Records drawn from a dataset
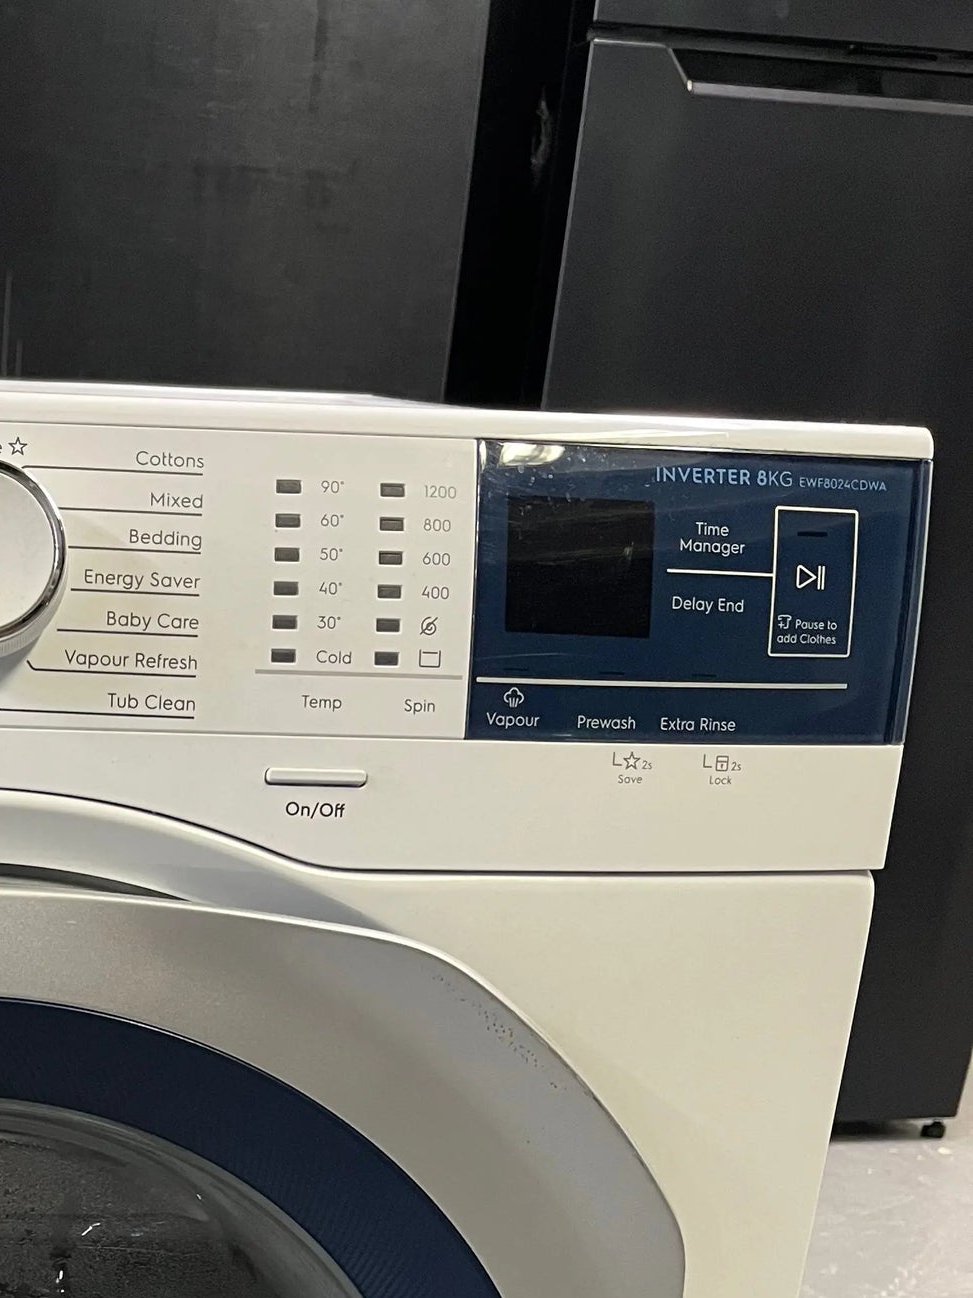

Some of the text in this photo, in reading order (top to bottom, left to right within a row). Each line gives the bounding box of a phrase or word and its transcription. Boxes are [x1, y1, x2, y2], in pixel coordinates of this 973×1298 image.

[136, 451, 204, 469] Cottons
[656, 466, 887, 492] INVERTER 8KG EWF8024CDWA
[151, 491, 203, 509] Mixed
[424, 484, 457, 500] 1200
[423, 518, 451, 532] 800
[695, 521, 730, 537] Time
[129, 528, 202, 551] Bedding
[680, 538, 746, 558] Manager
[422, 552, 451, 566] 600
[84, 569, 201, 590] Energy Saver
[421, 586, 450, 600] 400
[671, 596, 745, 614] Delay End
[106, 611, 200, 631] Baby Care
[795, 619, 838, 631] Pause to
[777, 634, 837, 645] add Clothes
[64, 649, 198, 670] Vapour Refresh
[316, 650, 352, 665] Cold
[107, 692, 196, 712] Tub Clean
[301, 694, 343, 711] Temp
[404, 698, 436, 715] Spin
[486, 711, 540, 729] Vapour
[577, 715, 636, 730] Prewash
[660, 717, 736, 732] Extra Rinse
[617, 774, 643, 785] Save
[709, 775, 732, 786] Lock
[285, 801, 346, 819] On/Off
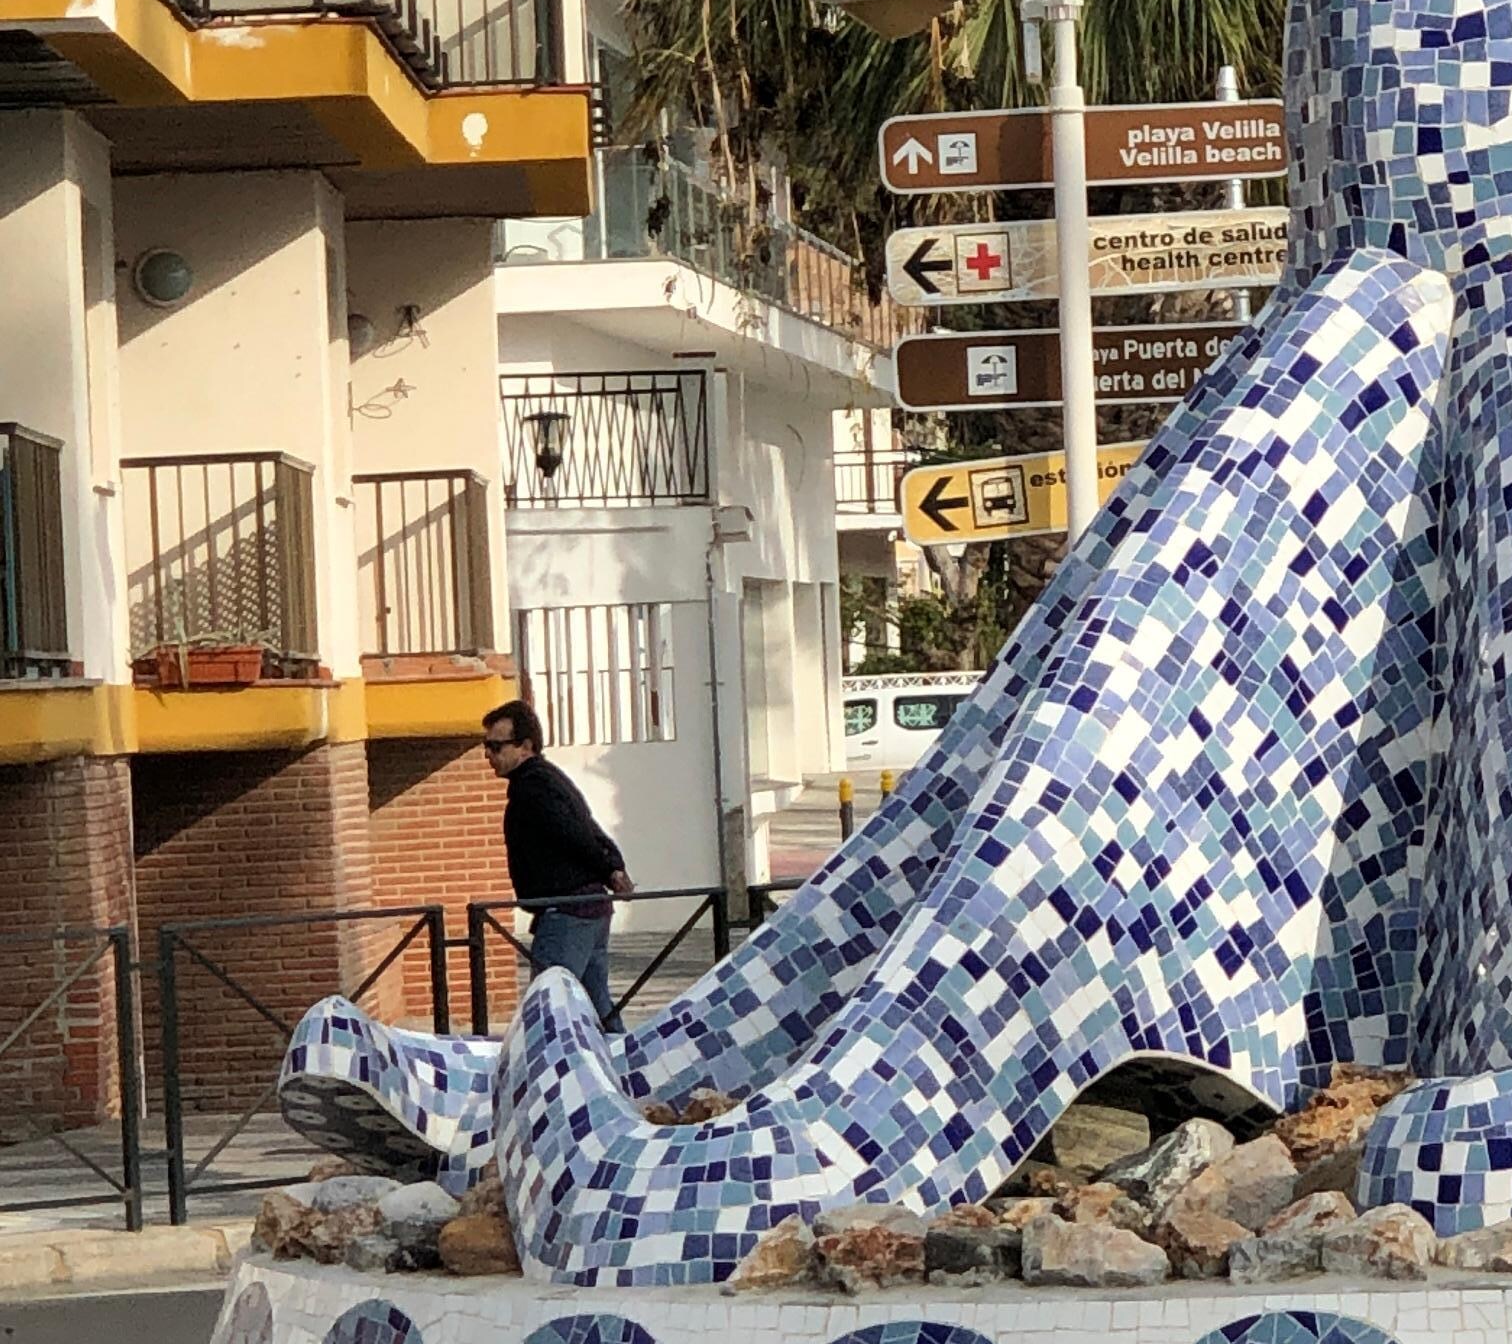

> [WHAT THE TASK ASKS]: Every line of the data above should be repeated exactly. Omit the pictures.

> [ANSWER]:
Some of the text in this photo, in reading order (top to bottom, left to right within a row). Each line gives the bounding box of a phrase or word and its transcription. Boxes are [x1, y1, x2, y2], in pixel coordinates of this 973×1298 image.

[136, 451, 204, 469] Cottons
[656, 466, 887, 492] INVERTER 8KG EWF8024CDWA
[151, 491, 203, 509] Mixed
[424, 484, 457, 500] 1200
[423, 518, 451, 532] 800
[695, 521, 730, 537] Time
[129, 528, 202, 551] Bedding
[680, 538, 746, 558] Manager
[422, 552, 451, 566] 600
[84, 569, 201, 590] Energy Saver
[421, 586, 450, 600] 400
[671, 596, 745, 614] Delay End
[106, 611, 200, 631] Baby Care
[795, 619, 838, 631] Pause to
[777, 634, 837, 645] add Clothes
[64, 649, 198, 670] Vapour Refresh
[316, 650, 352, 665] Cold
[107, 692, 196, 712] Tub Clean
[301, 694, 343, 711] Temp
[404, 698, 436, 715] Spin
[486, 711, 540, 729] Vapour
[577, 715, 636, 730] Prewash
[660, 717, 736, 732] Extra Rinse
[617, 774, 643, 785] Save
[709, 775, 732, 786] Lock
[285, 801, 346, 819] On/Off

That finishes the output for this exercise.